Microsoft's forthcoming Visual Studio Team System release is placing an emphasis on collaboration and productivity, all in an effort to help build software enhanced by services, company officials said.
In a discussion with SearchVB.com, three Microsoft development managers -- Soma Somasegar, corporate vice president of the developer division, Prashant Sridharan, group product manager of the developer division, and Amanda Silver, program manager for Visual Basic -- discussed the company's plans for the next version of VSTS, code-named Rosario.
Rosario is based on Visual Studio Orcas, the successor to Visual Studio 2005, but will not be released at the same time as Orcas. A beta version of Orcas is now available. The product's general release is expected to occur in late 2007 or early 2008.
At this point, Somasegar said, Rosario is in the feedback and prototype stage, though Microsoft has identified a few objectives for the product.
- The company aims to beef up the testing and quality assurance tools within VSTS so that they incorporate test case management, code coverage analysis, and load and stress testing, he said.
- An effort is being made to create "a better line of sight" between the goals and requirements of a project and what actually gets done. This requirements tracking process will, by and large, use Domain Specific Language techniques, Somasegar said. The idea here is to eliminate the "telephone game" that so often plagues this process, Sridharan added.
- Microsoft is embarking on what it calls a "dynamic systems initiative" that looks to remove the barriers between the development groups that build applications and the operations departments that deploy them. For example, in such a system help desk tickets would be fed into Team Foundation Server and forwarded to the development group. Project management requirements would be stored on TFS as well.
- Finally, the company is looking to improve Team Foundation Server's scalability. In this regard Microsoft is eating the dog food, as both its developer division, with roughly 800 developers, and its SQL development division are using TFS to build Orcas and Katmai, the SQL Server 2005 successor.

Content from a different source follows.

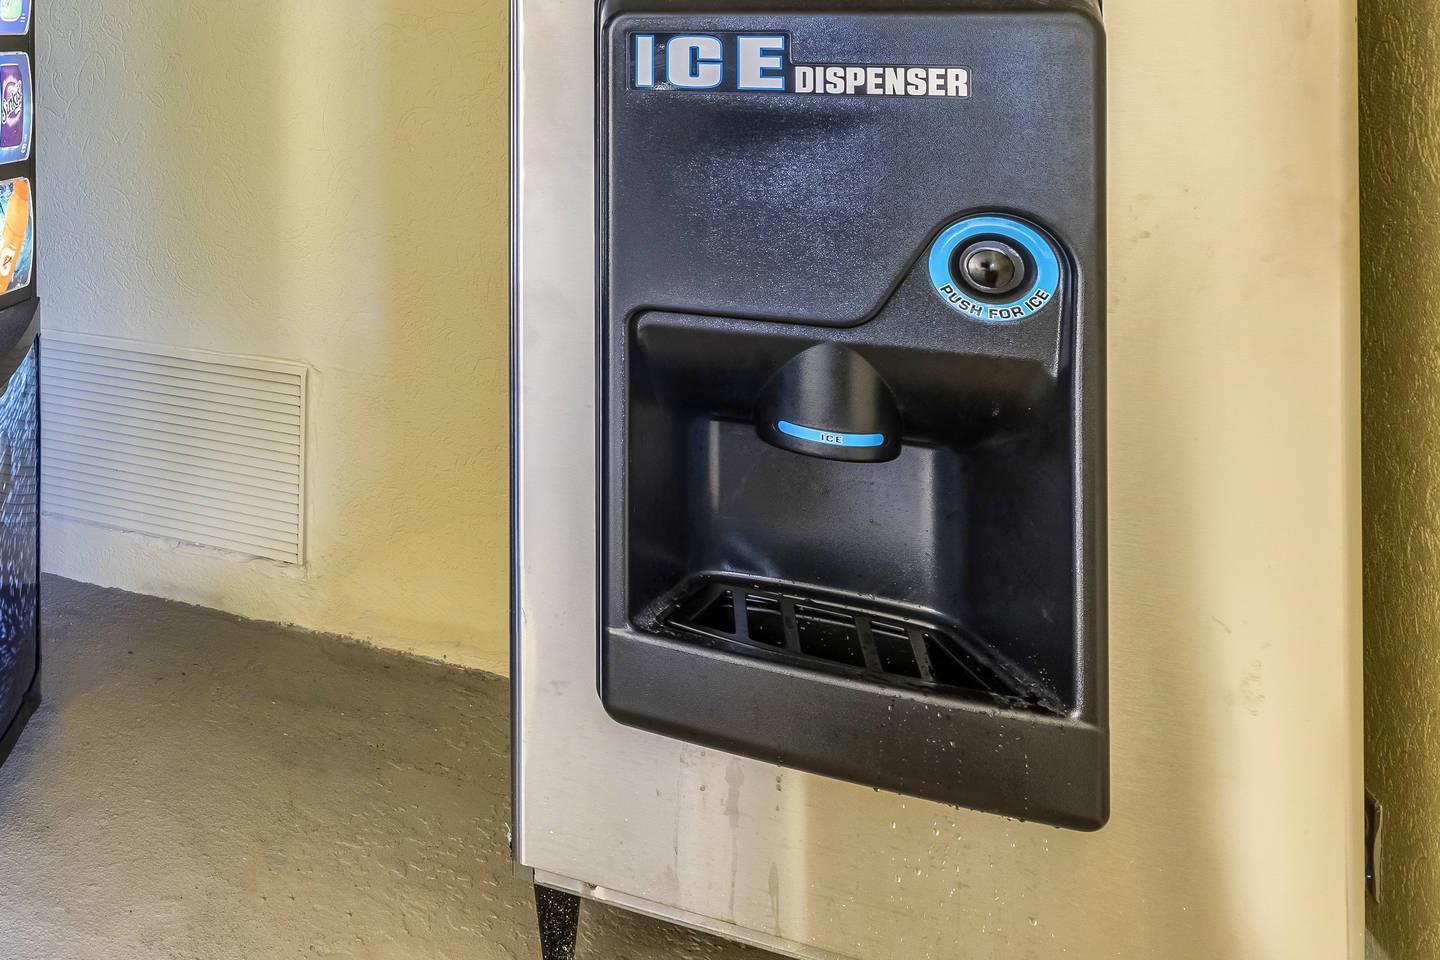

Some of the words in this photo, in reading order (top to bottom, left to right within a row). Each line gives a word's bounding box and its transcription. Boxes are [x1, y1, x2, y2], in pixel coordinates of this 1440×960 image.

Additional information on Rosario is available on the Visual Studio Team System Futures Releases page.
(For what it's worth, Rosario is a resort on Orcas Island, the Washington state island from which the new Visual Studio gets its code name.)
More developers, all working together
Somasegar said the developer division bases its present and future work on two philosophies.
The first is that today's developers are creating applications that run on a variety of platforms -- clients, servers, Web services, browsers and mobile devices. If developers have a single, consistent programming model like the .NET Framework, then they will be much more productive, Somasegar said.
The second philosophy is that the user interface, long an afterthought in the development life cycle, is now a "true business differentiator."
At a user level, it means that some of the millions of social networking site visitors will want custom pages. .NET can provide these beginning programmers with a good model for getting started, Somasegar said.
At an enterprise level, the importance of UI brings more stakeholders into development projects than ever before. This means Microsoft's tools must cater not only to groups that collaborate constantly but to groups that constitute a broad skill set -- developers, testers, architects and project managers who possess various levels of Visual Studio experience.